Daniel Dantas é aluno dileto da escola dos formadores das cabeças que predominam na direção dos bancos centrais. Ele fez curso superior na escola financeira da Nova República, comandada pelo Consenso de Washington. Aqui, Dantas captou o mandamento principal favorável às privatizações e foi, com sua excepcional inteligência, abrir picadas.
Havia dobrado o sinal para os países capitalistas periféricos: não poderiam mais lançar mão do keynesianismo para bancar o crescimento via inflação.
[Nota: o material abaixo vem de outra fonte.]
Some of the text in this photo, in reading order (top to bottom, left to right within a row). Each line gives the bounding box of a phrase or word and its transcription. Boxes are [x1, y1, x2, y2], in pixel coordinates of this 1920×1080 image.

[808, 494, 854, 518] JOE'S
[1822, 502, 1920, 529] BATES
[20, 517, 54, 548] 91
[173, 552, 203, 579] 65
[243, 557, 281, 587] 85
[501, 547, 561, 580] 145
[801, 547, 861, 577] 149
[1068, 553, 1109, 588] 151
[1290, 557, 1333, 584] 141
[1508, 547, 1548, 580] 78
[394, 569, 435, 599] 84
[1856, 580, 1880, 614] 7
Era preciso esvaziar o poder financeiro estatal das economias emergentes ultra-endividadas, depois da crise monetária dos anos de 1980, decorrente, também, da desvalorização do dólar.
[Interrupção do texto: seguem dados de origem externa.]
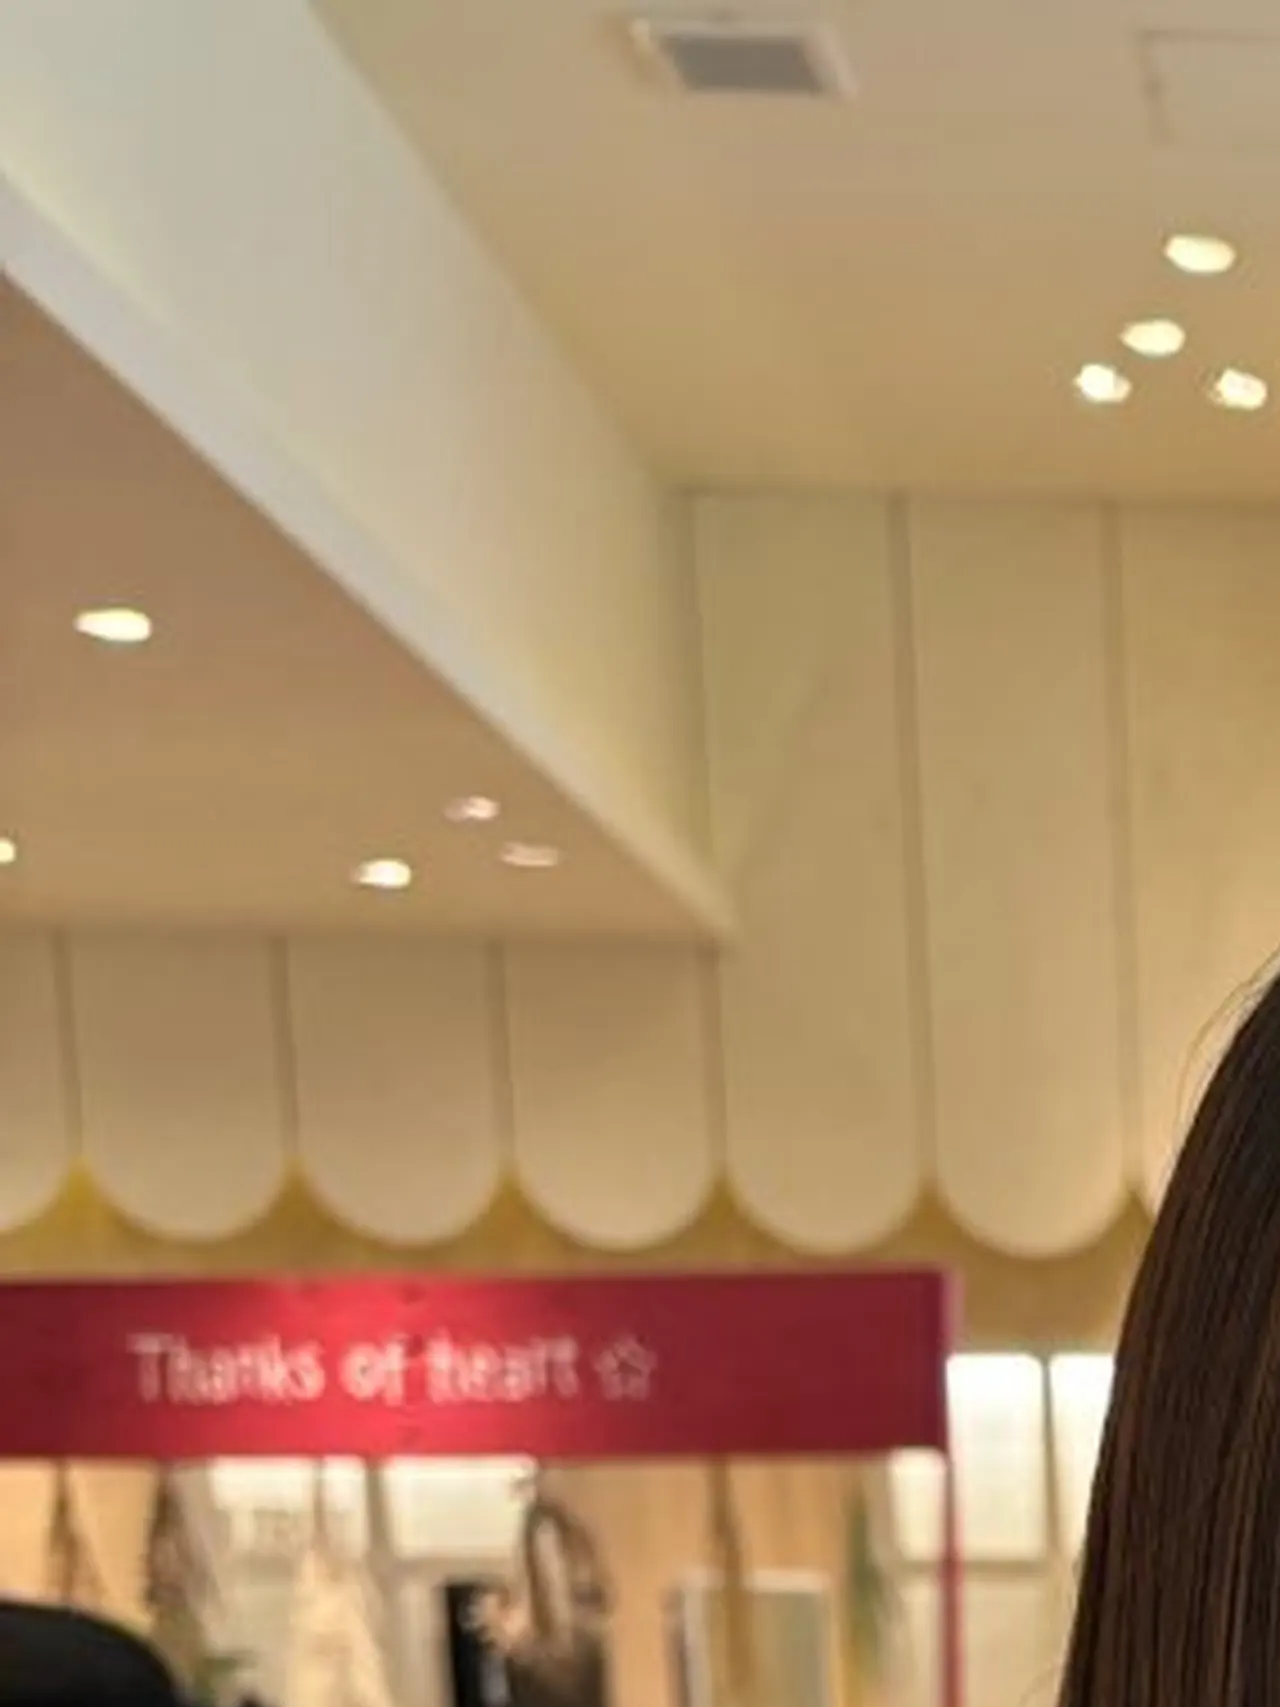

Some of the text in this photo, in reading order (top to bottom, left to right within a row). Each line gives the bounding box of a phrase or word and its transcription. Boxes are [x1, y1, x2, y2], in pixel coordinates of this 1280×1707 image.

[128, 1330, 582, 1407] Thanks of heart
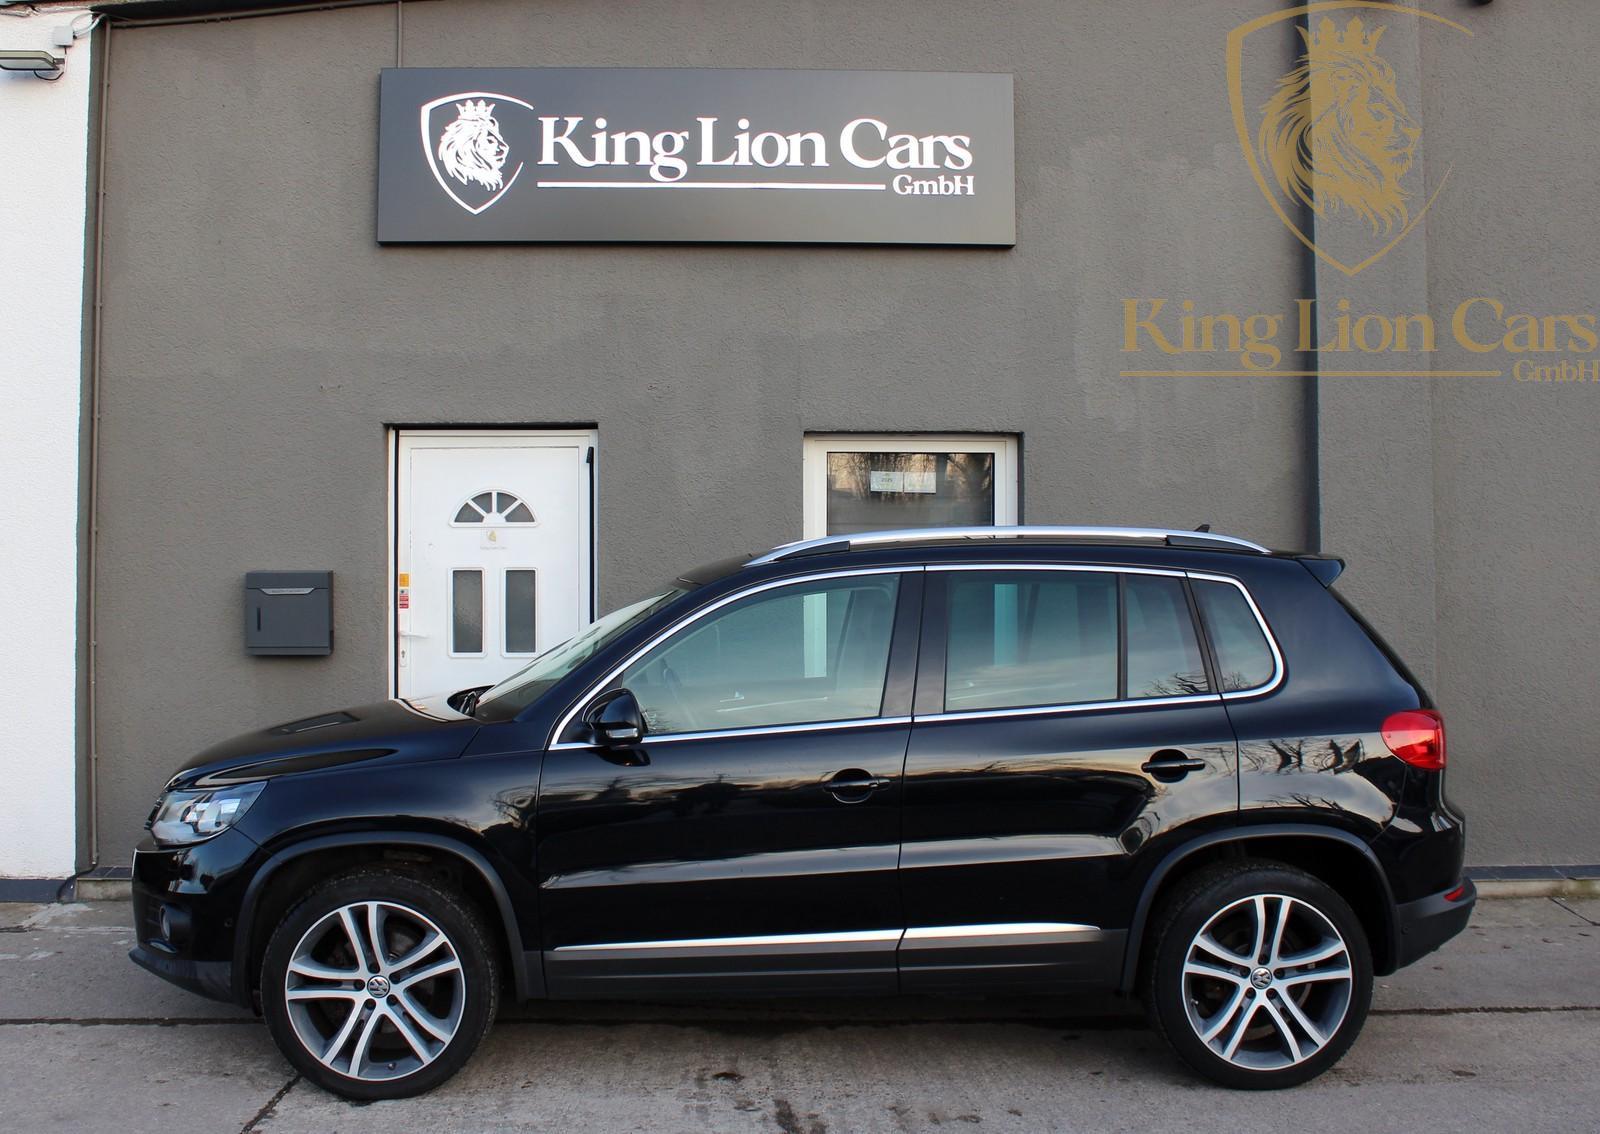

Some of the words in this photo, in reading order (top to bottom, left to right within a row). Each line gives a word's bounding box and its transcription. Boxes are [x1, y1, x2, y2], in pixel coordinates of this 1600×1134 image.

[537, 116, 689, 182] King
[696, 116, 829, 167] Lion
[839, 117, 973, 170] Cars
[892, 174, 975, 196] GmbH
Os banqueiros centrais comprovaram, na crise do subprime, detonador do mercado imobiliário e raiz da explosão inflacionária global, que Dantas é o modelo ideal do capitalismo como forma de reprodução da riqueza no ambiente globalizado da economia basicamente financeira.
O ensino é cristalino: máximo estímulo à imaginação criativa, exposta à larga no imaginoso mercado de derivativos.
Realidade virou ficção
Uma coisa deriva da outra, que pare outra, indefinidamente. Lastro? Um crédito caça outro crédito, que abre outro crédito, que se torna garantia de lançamento de mais crédito e por aí vai. Corrente da felicidade. Assim foi na crise de 1929. Assim é na crise atual.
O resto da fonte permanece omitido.